◆ **TRY IT**: Output should begin at the line holding "this 1659×2212 image." and end at the last line of the entries; print those lines verbatim and no others.

◆ **DATA SHOWN**:
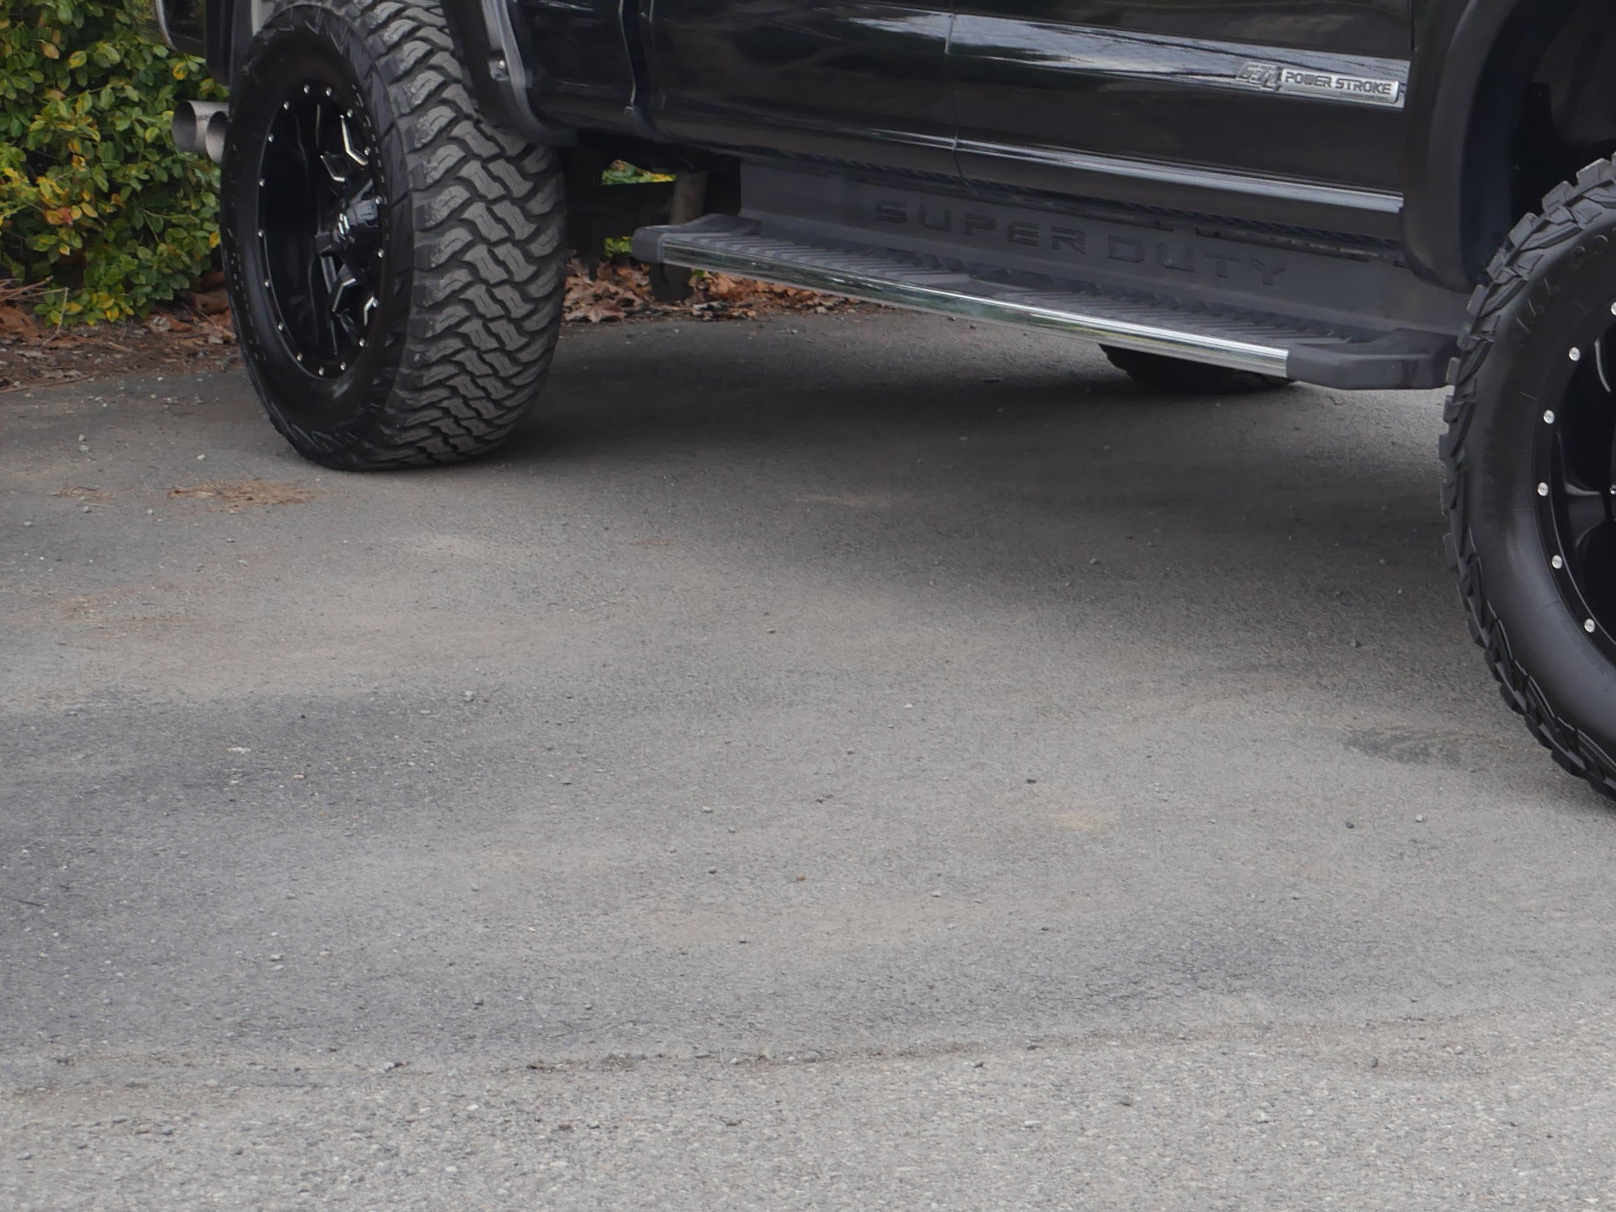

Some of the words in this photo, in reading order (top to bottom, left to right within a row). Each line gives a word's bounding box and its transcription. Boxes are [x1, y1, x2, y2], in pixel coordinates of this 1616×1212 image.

[1284, 71, 1332, 88] POWER
[1335, 77, 1392, 95] STROKE
[874, 198, 1087, 255] SUPER
[1108, 231, 1288, 287] DUTY
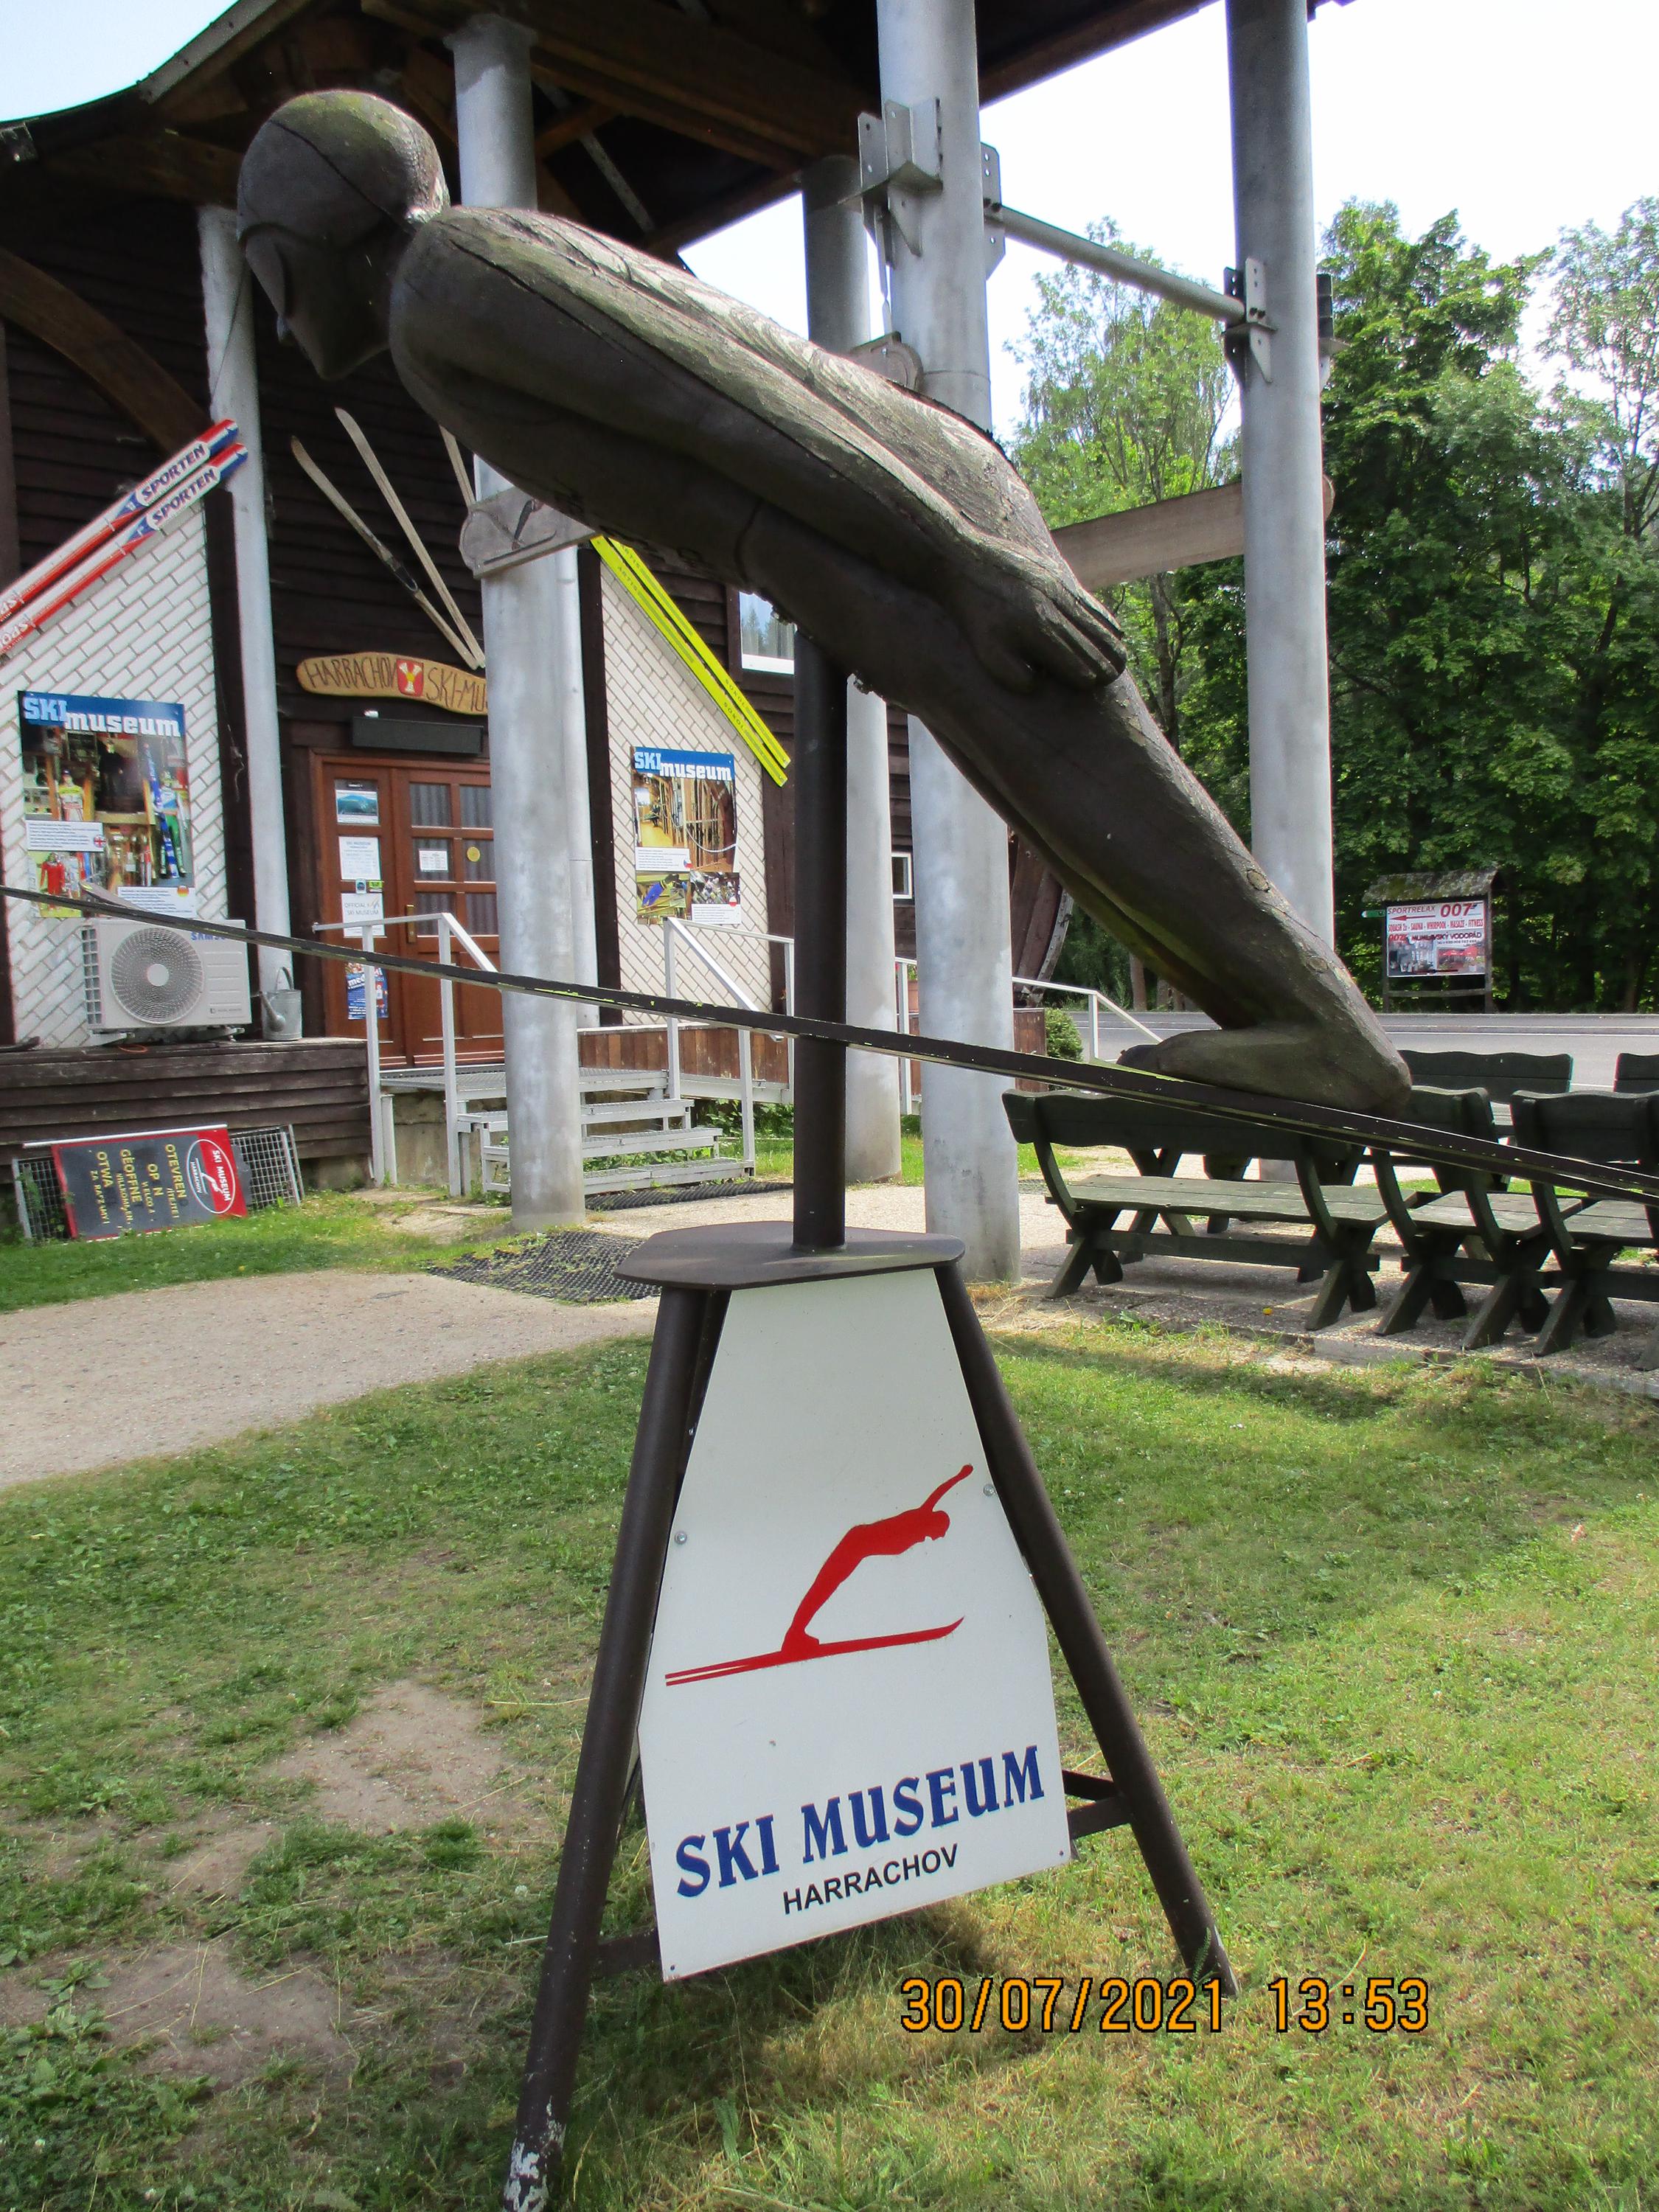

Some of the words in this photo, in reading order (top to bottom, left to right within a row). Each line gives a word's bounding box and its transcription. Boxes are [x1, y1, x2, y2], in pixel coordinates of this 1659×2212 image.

[140, 444, 206, 501] SPORTEN
[152, 469, 218, 526] SPORTEN
[425, 667, 487, 712] SKI-MU
[23, 696, 69, 723] SKI
[64, 712, 181, 737] museum
[634, 751, 662, 771] SKI
[660, 762, 732, 782] museum
[1387, 905, 1436, 915] SPORTRELAX
[1440, 902, 1472, 918] 007
[212, 1150, 223, 1164] SKI
[216, 1166, 232, 1202] MUSEUM
[675, 1813, 781, 1898] SKI
[801, 1745, 1046, 1864] MUSEUM
[782, 1843, 959, 1915] HARRACHOV

◆ **RESULT OF THIS TASK**:
Some of the words in this photo, in reading order (top to bottom, left to right within a row). Each line gives a word's bounding box and its transcription. Boxes are [x1, y1, x2, y2], in pixel coordinates of this 1659×2212 image.

[140, 444, 206, 501] SPORTEN
[152, 469, 218, 526] SPORTEN
[425, 667, 487, 712] SKI-MU
[23, 696, 69, 723] SKI
[64, 712, 181, 737] museum
[634, 751, 662, 771] SKI
[660, 762, 732, 782] museum
[1387, 905, 1436, 915] SPORTRELAX
[1440, 902, 1472, 918] 007
[212, 1150, 223, 1164] SKI
[216, 1166, 232, 1202] MUSEUM
[675, 1813, 781, 1898] SKI
[801, 1745, 1046, 1864] MUSEUM
[782, 1843, 959, 1915] HARRACHOV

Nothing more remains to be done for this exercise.